## SUPPLIED RECORDS:
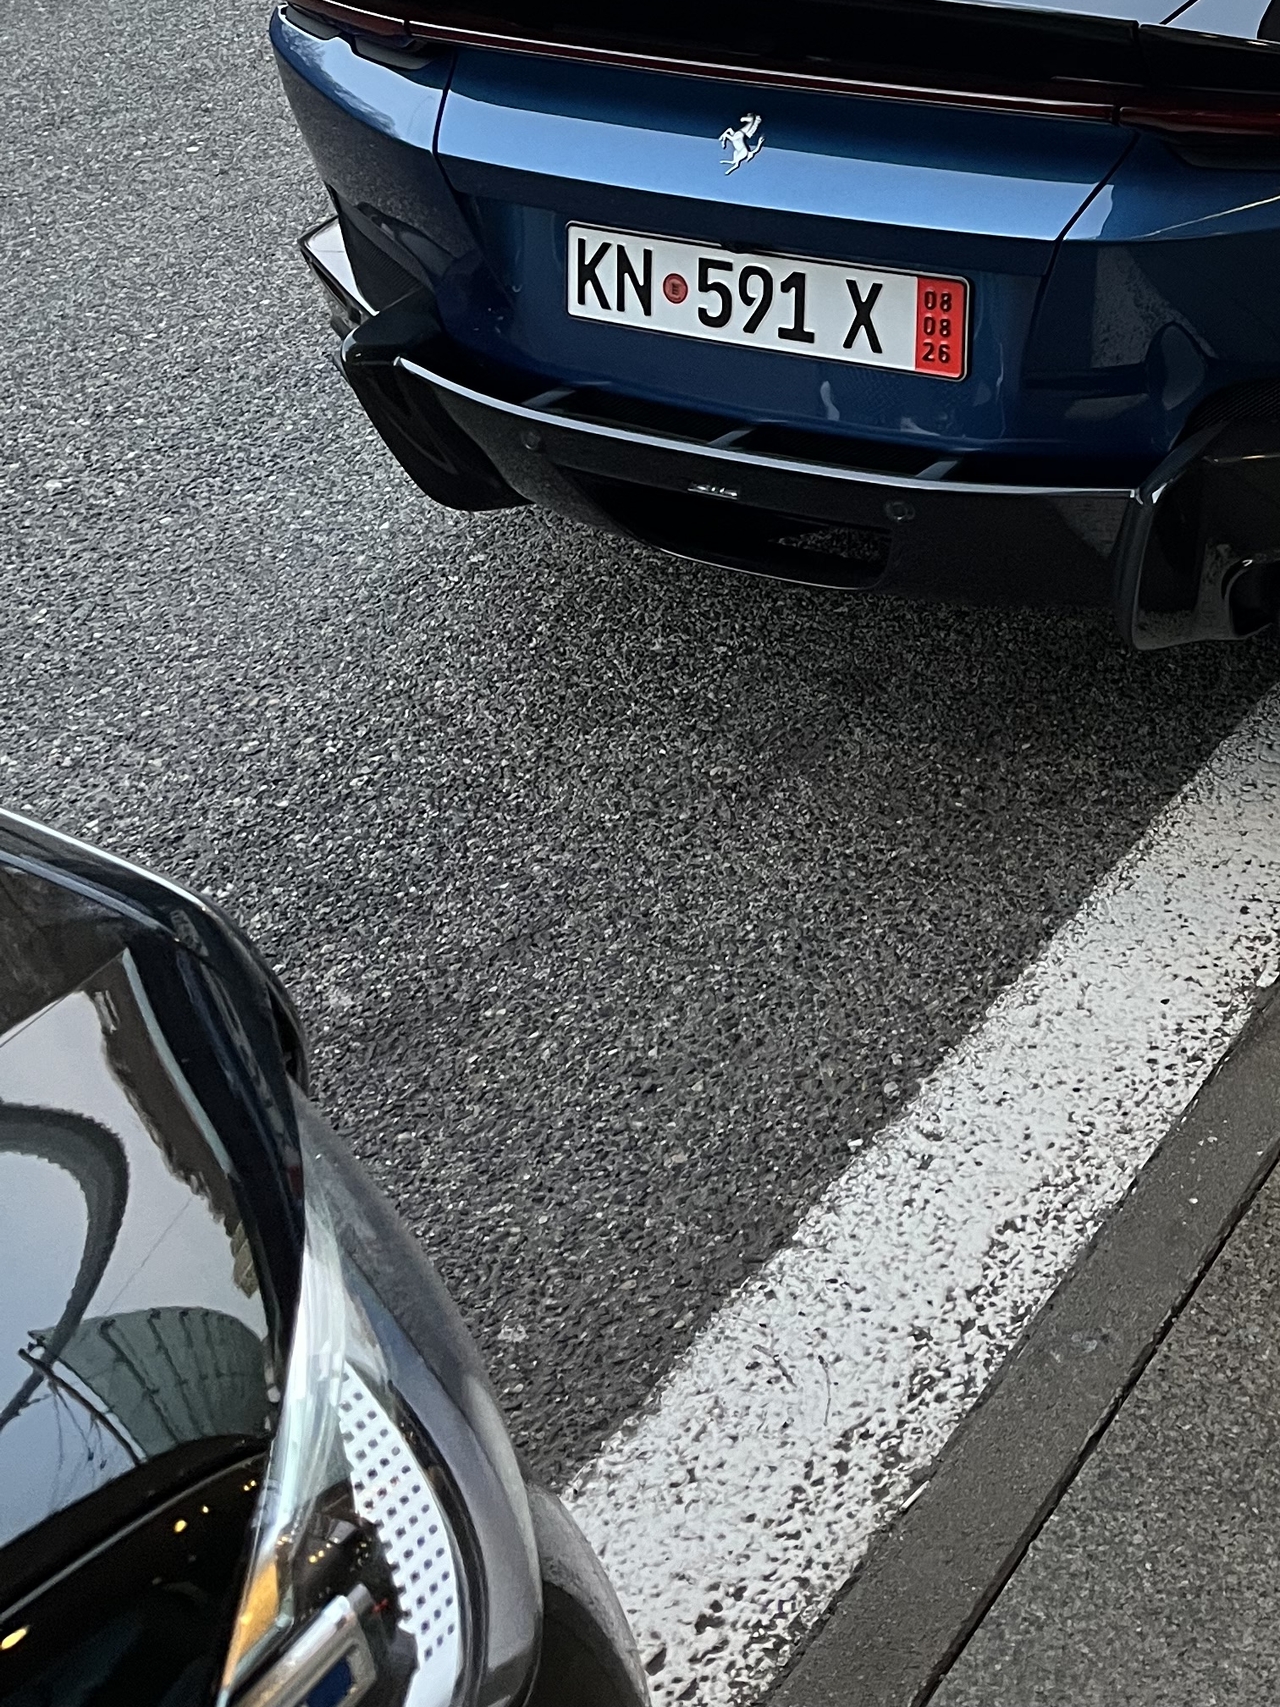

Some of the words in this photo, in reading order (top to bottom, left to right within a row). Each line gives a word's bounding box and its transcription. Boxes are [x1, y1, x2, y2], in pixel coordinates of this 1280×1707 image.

[576, 238, 653, 317] KN
[697, 256, 816, 344] 591
[842, 279, 884, 354] X
[924, 290, 952, 312] 08
[923, 316, 951, 338] 08
[921, 342, 951, 364] 26
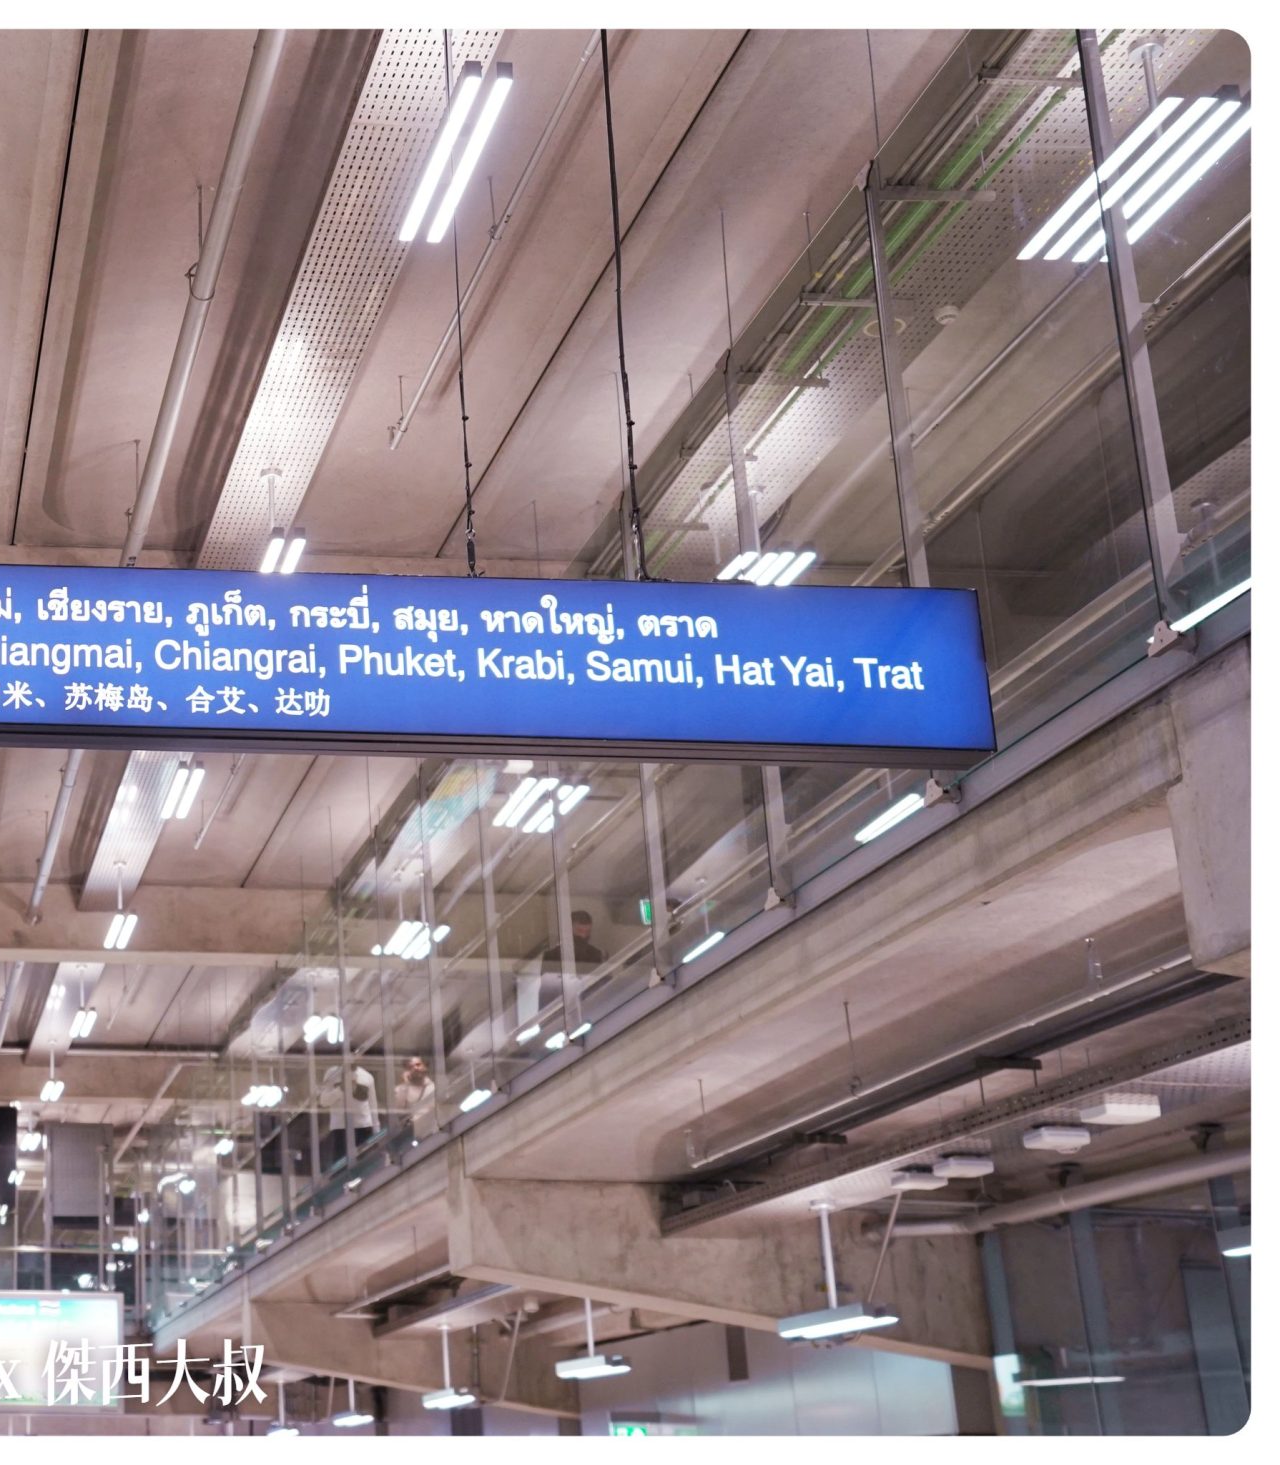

## WHAT IS NEEDED:
Nothing but the pictures should be left out when the material above is copied.

## PROBLEM SOLUTION:
Some of the words in this photo, in reading order (top to bottom, left to right within a row). Each line gives a word's bounding box and its transcription. Boxes are [x1, y1, x2, y2], in pixel coordinates of this 1280×1707 image.

[576, 238, 653, 317] KN
[697, 256, 816, 344] 591
[842, 279, 884, 354] X
[924, 290, 952, 312] 08
[923, 316, 951, 338] 08
[921, 342, 951, 364] 26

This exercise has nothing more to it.